**EXERCISE MATERIAL:**

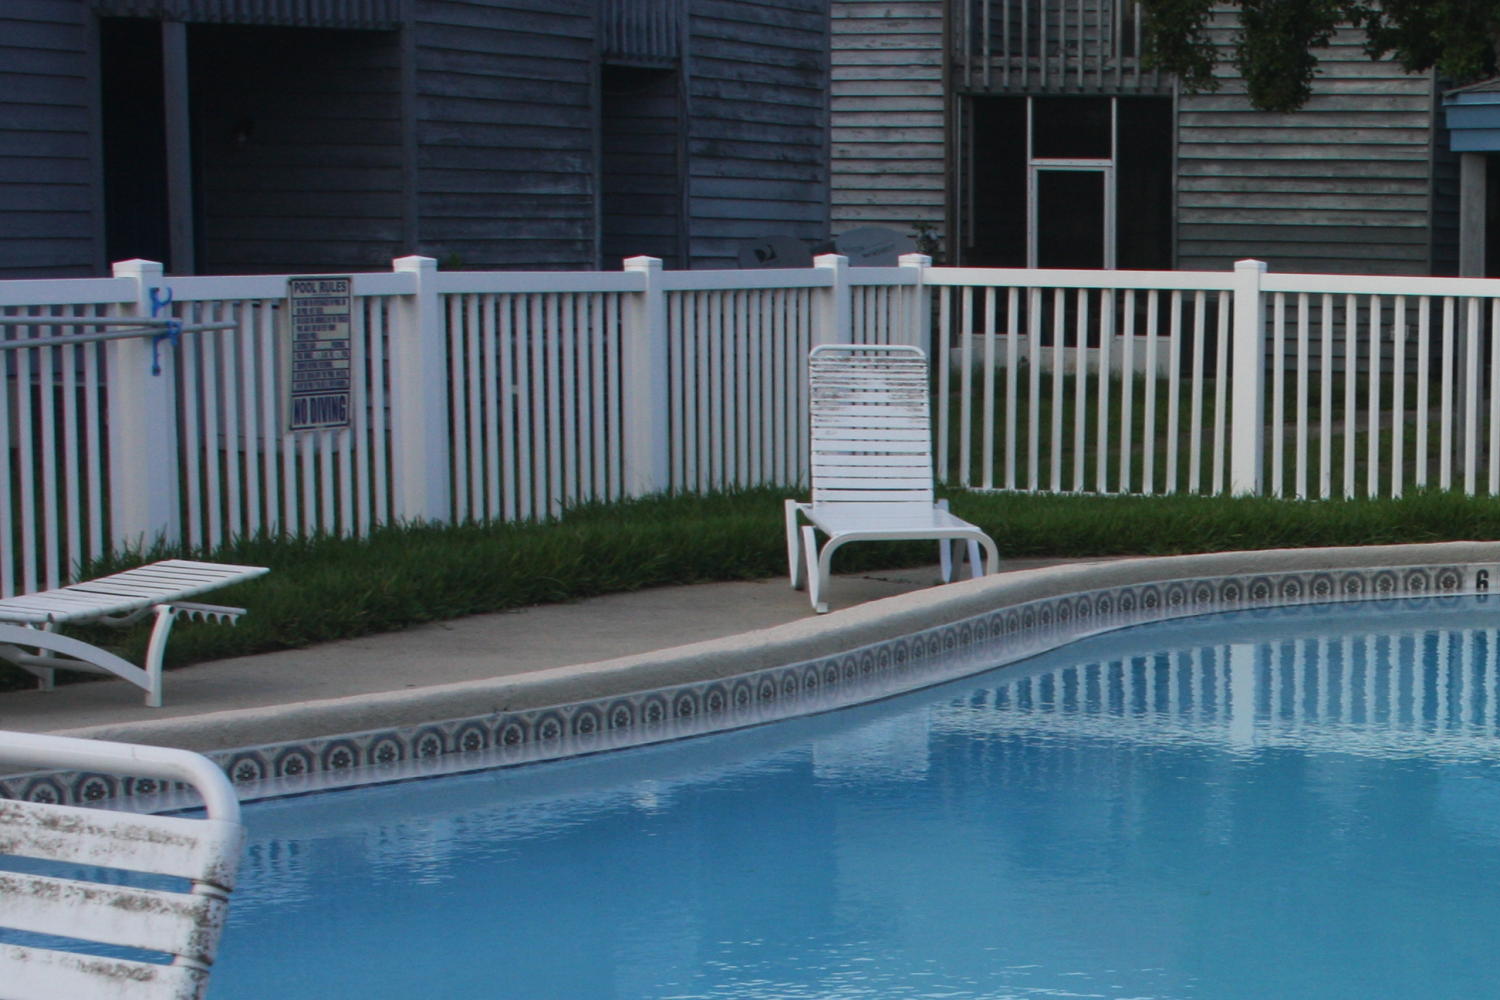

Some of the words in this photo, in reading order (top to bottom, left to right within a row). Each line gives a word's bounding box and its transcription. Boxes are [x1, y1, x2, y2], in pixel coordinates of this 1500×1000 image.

[294, 281, 316, 293] POOL
[319, 281, 346, 293] RULES
[293, 398, 308, 425] NO
[310, 395, 347, 424] DIVING
[1476, 568, 1489, 589] 6
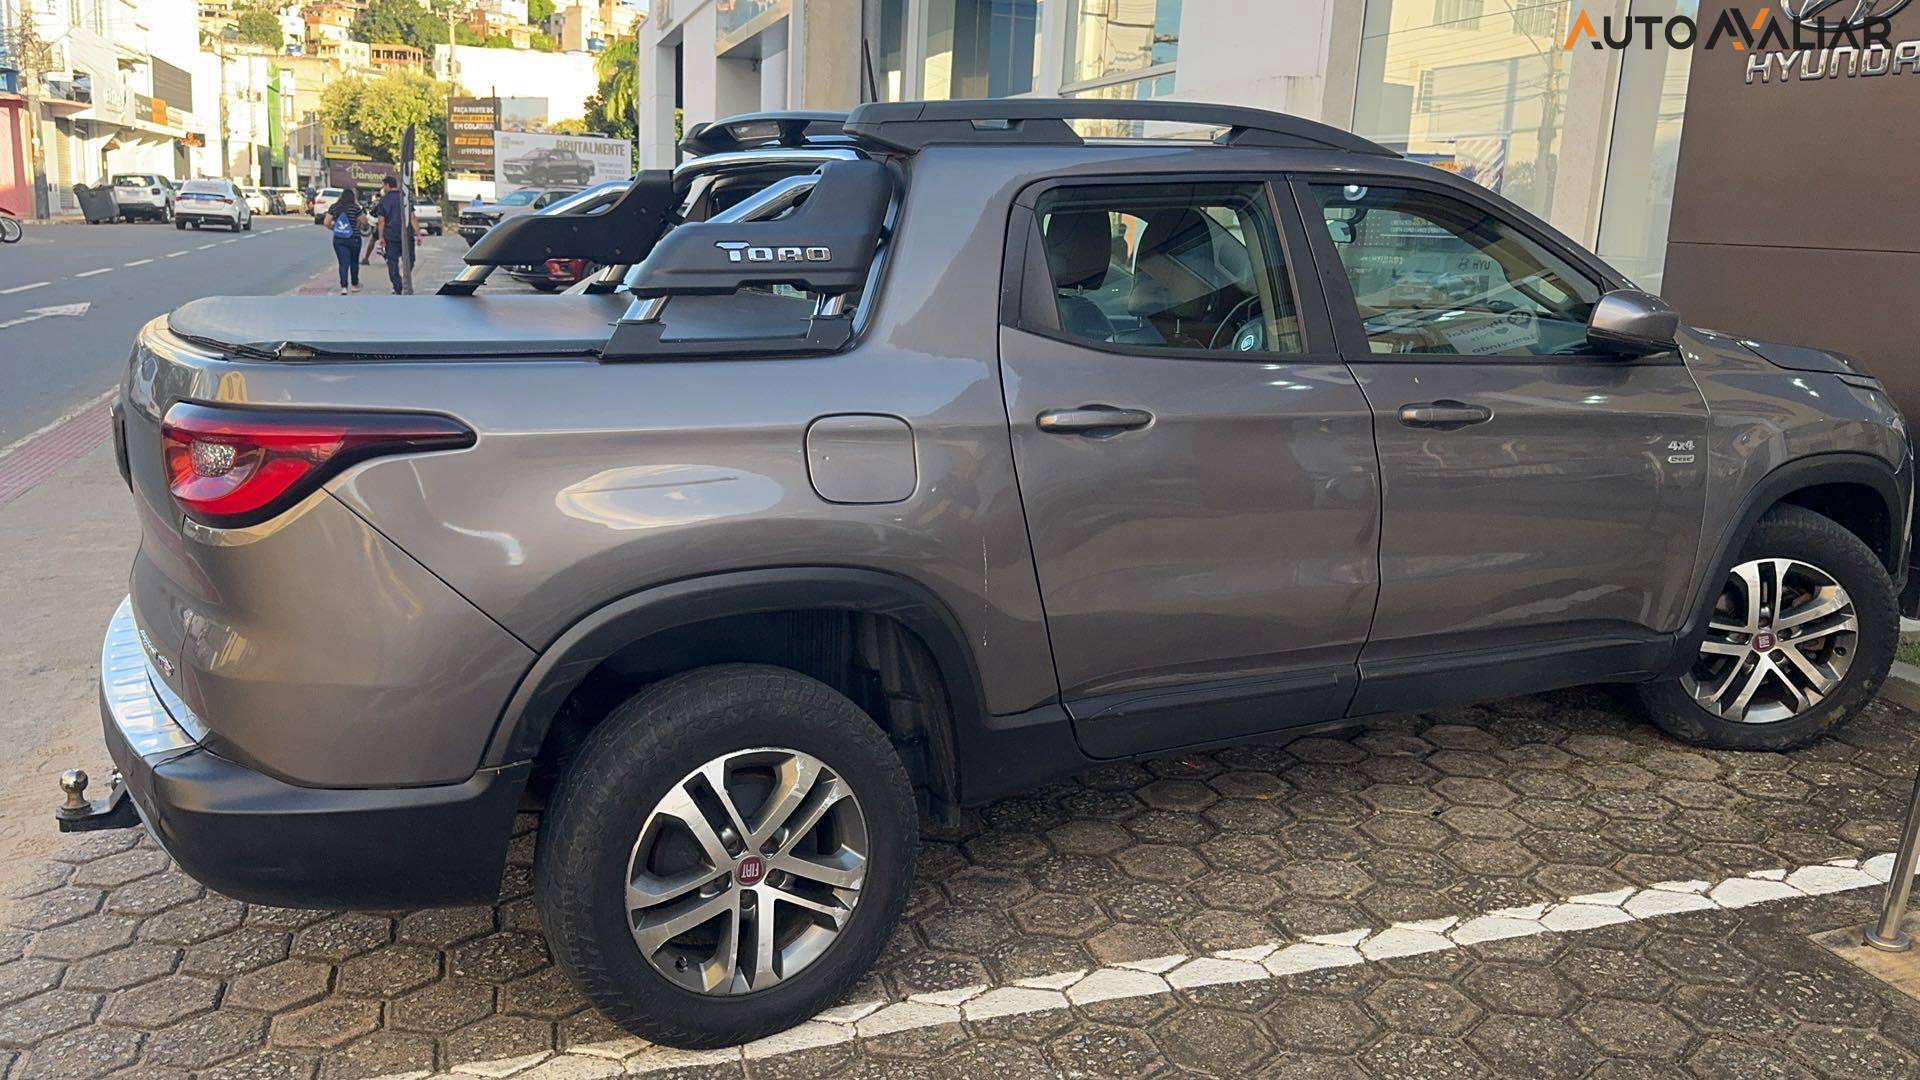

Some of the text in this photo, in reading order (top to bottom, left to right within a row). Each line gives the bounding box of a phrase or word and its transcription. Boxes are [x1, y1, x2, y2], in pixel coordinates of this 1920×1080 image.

[556, 140, 625, 157] BRUTALMENTE
[715, 241, 832, 262] TORO
[1668, 440, 1695, 451] 4x4
[740, 862, 760, 879] FIAT
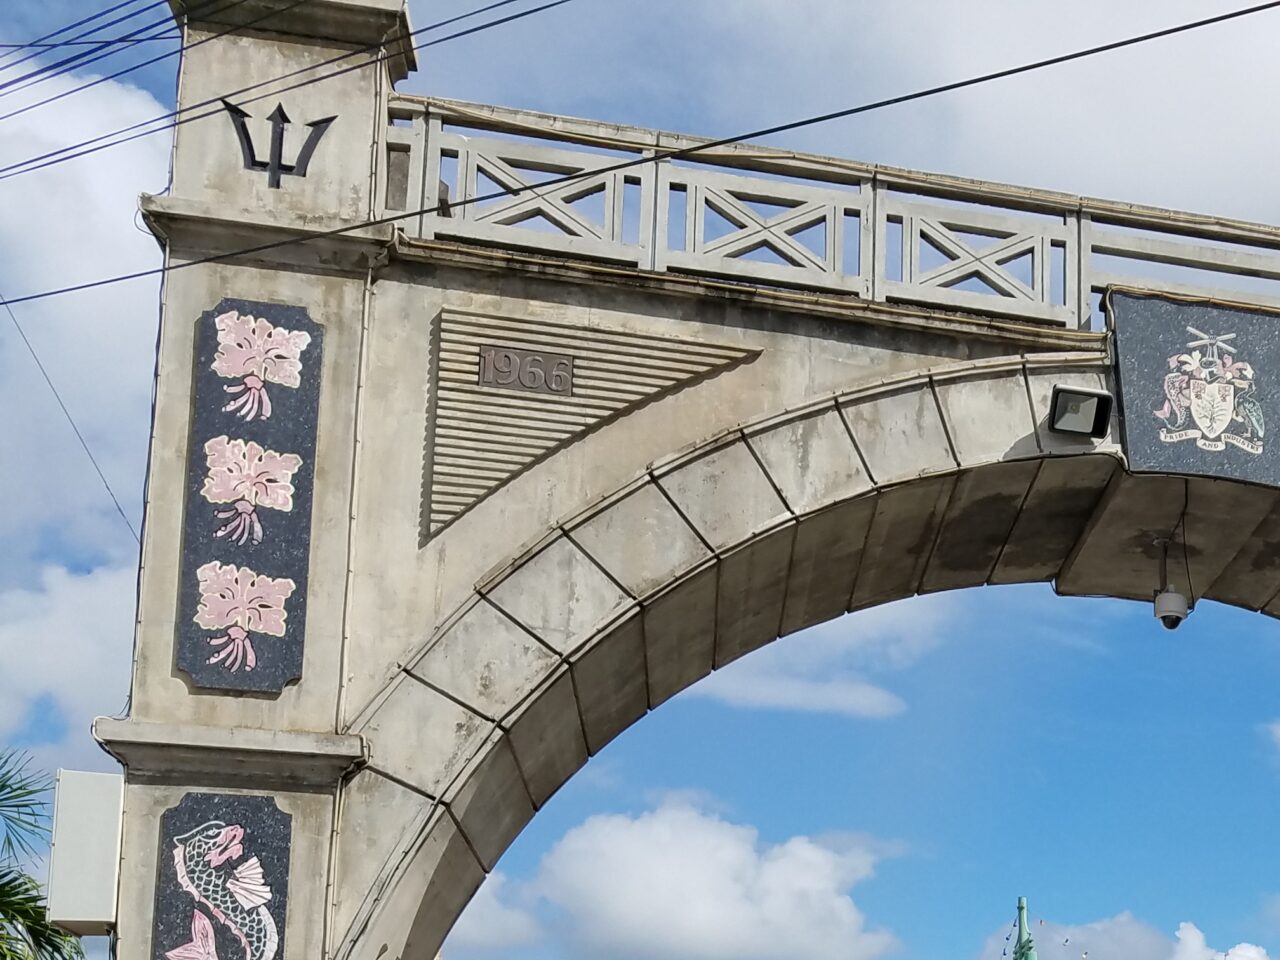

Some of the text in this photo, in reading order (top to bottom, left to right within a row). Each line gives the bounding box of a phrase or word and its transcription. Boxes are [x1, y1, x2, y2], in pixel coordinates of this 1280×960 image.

[482, 350, 571, 392] 1966
[1164, 431, 1260, 453] PRIDE AND INDUSTRY

**WORK TO BE COMPLETED:** Repeat every record above exactly, except the pictures.

**ANSWER SPACE:**
Some of the words in this photo, in reading order (top to bottom, left to right within a row). Each line gives a word's bounding box and its transcription. Boxes are [x1, y1, x2, y2], in pixel coordinates of this 1500×1000 image.

[294, 281, 316, 293] POOL
[319, 281, 346, 293] RULES
[293, 398, 308, 425] NO
[310, 395, 347, 424] DIVING
[1476, 568, 1489, 589] 6

Some of the text in this photo, in reading order (top to bottom, left to right within a row). Each line gives the bounding box of a phrase or word and its transcription. Boxes are [x1, y1, x2, y2], in pixel coordinates of this 1920×1080 image.

[556, 140, 625, 157] BRUTALMENTE
[715, 241, 832, 262] TORO
[1668, 440, 1695, 451] 4x4
[740, 862, 760, 879] FIAT

Some of the text in this photo, in reading order (top to bottom, left to right within a row). Each line gives the bounding box of a phrase or word and its transcription. Boxes are [x1, y1, x2, y2], in pixel coordinates of this 1280×960 image.

[482, 350, 571, 392] 1966
[1164, 431, 1260, 453] PRIDE AND INDUSTRY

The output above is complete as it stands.